Key Facts at a Glance
Early Beginnings: Founder Pranjali Awasthi learned computer programming at age seven under the guidance of her father, a software engineer.
Venture Valuation: Delv.AI crossed an institutional valuation threshold of Rs 100 crore ($12 million) within 18 months of its formal incorporation.
Efficiency Gains: The platform minimizes manual research overhead by an estimated 75% via advanced semantic document mining.
Next-Gen Pipeline: At age 18, Awasthi expanded her operations to San Francisco to build Dash, a specialized AI automation assistant designed to execute complex, multi-step digital tasks.
Frequently Asked Questions (FAQ)
What specific problem does Pranjali Awasthi's startup solve?
Delv.AI resolves information overload and data silos for research professionals. Instead of manually scanning thousands of research papers or enterprise PDFs, users can leverage the platform's AI semantic search to pinpoint, summarize, and extract highly specific data nodes in seconds.

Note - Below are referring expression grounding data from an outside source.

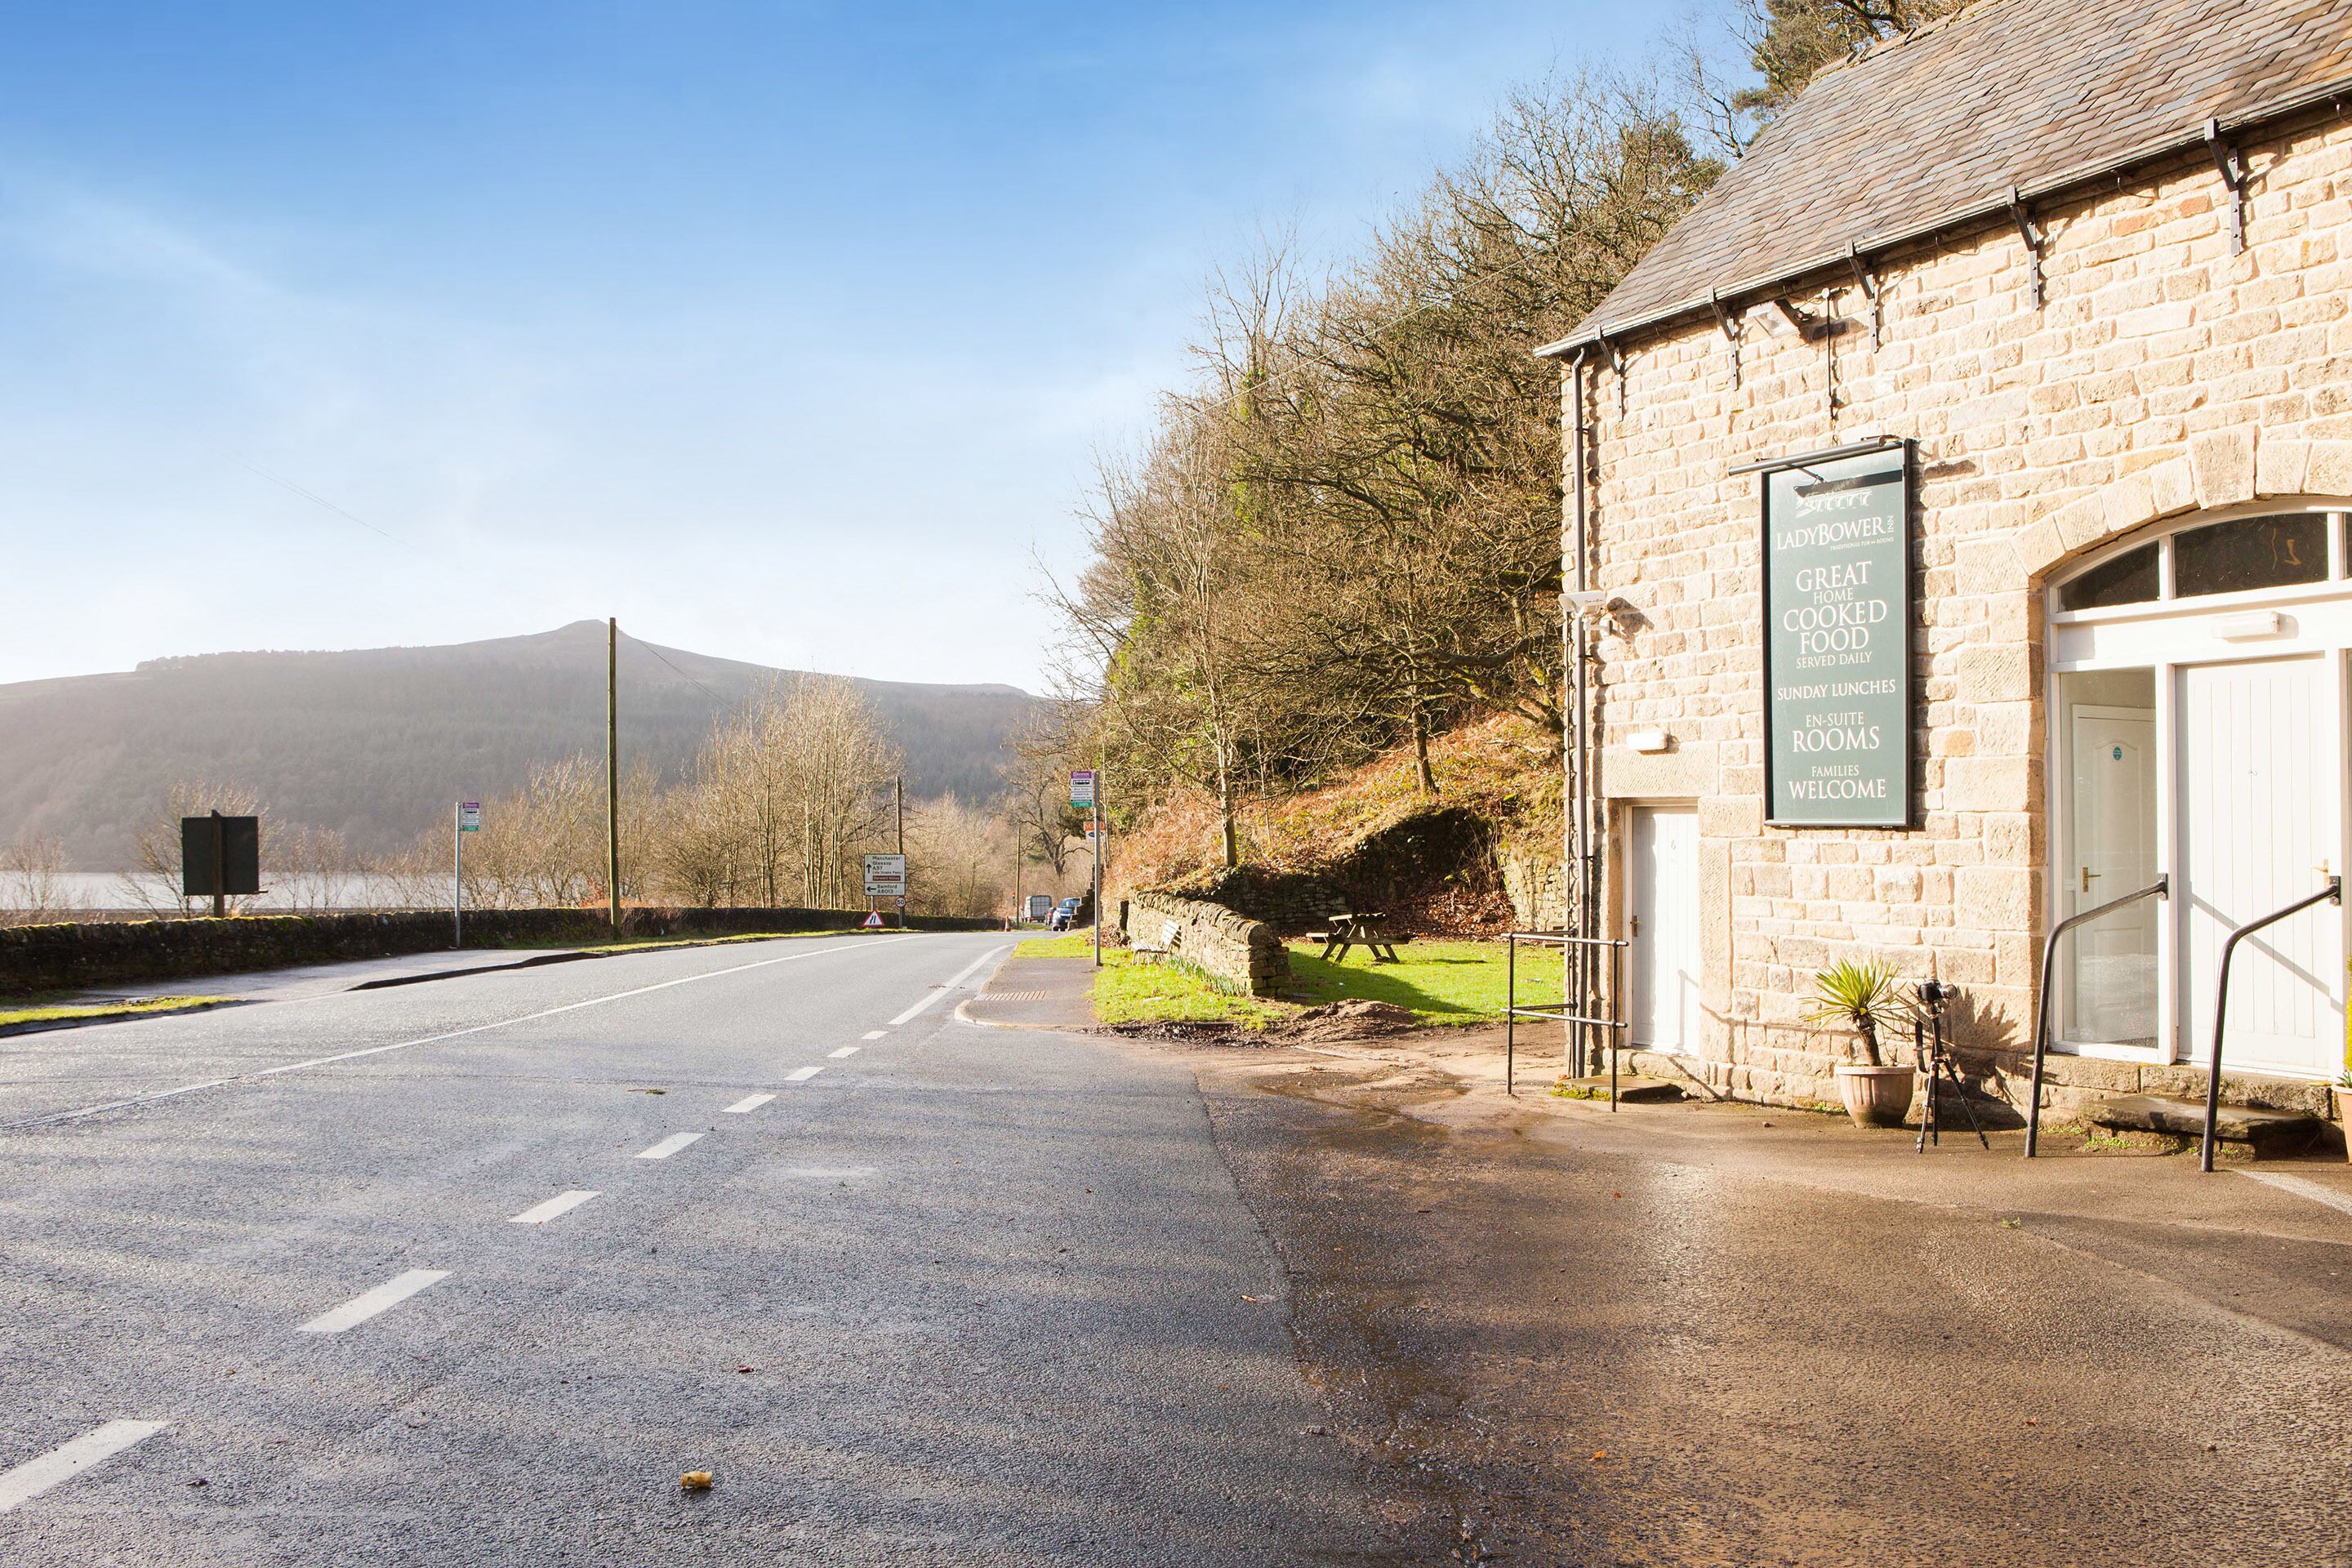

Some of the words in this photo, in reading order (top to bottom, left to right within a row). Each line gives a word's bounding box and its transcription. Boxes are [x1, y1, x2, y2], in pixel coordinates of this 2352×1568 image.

[1776, 516, 1886, 550] LADYBOWER
[1796, 560, 1873, 592] GREAT
[1813, 587, 1854, 605] HOME
[1783, 599, 1887, 632] COOKED
[1799, 626, 1869, 654] FOOD
[1796, 654, 1836, 669] SERVED
[1839, 651, 1873, 666] DAILY
[1777, 684, 1829, 701] SUNDAY
[1832, 679, 1896, 697] LUNCHES
[1806, 711, 1864, 728] EN-SUITE
[1792, 726, 1880, 752] ROOMS
[1811, 764, 1860, 777] FAMILIES
[1788, 778, 1886, 800] WELCOME

Who are the primary investors backing Delv.AI?
The startup raised approximately $450,000 (Rs 3.89 crore) from prominent early-stage venture capital firms and accelerator groups, including Village Global, Backend Capital's HF0 residency program, and On Deck, alongside multiple private angel investors.
Is the founder still attending traditional high school?
No. After taking an initial leave of absence to participate in the Miami accelerator cohort, Awasthi completed her high school graduation credits through accelerated online platforms in June 2023. She subsequently transitioned into higher tech research, balancing her startup developments with studies at the Georgia Institute of Technology.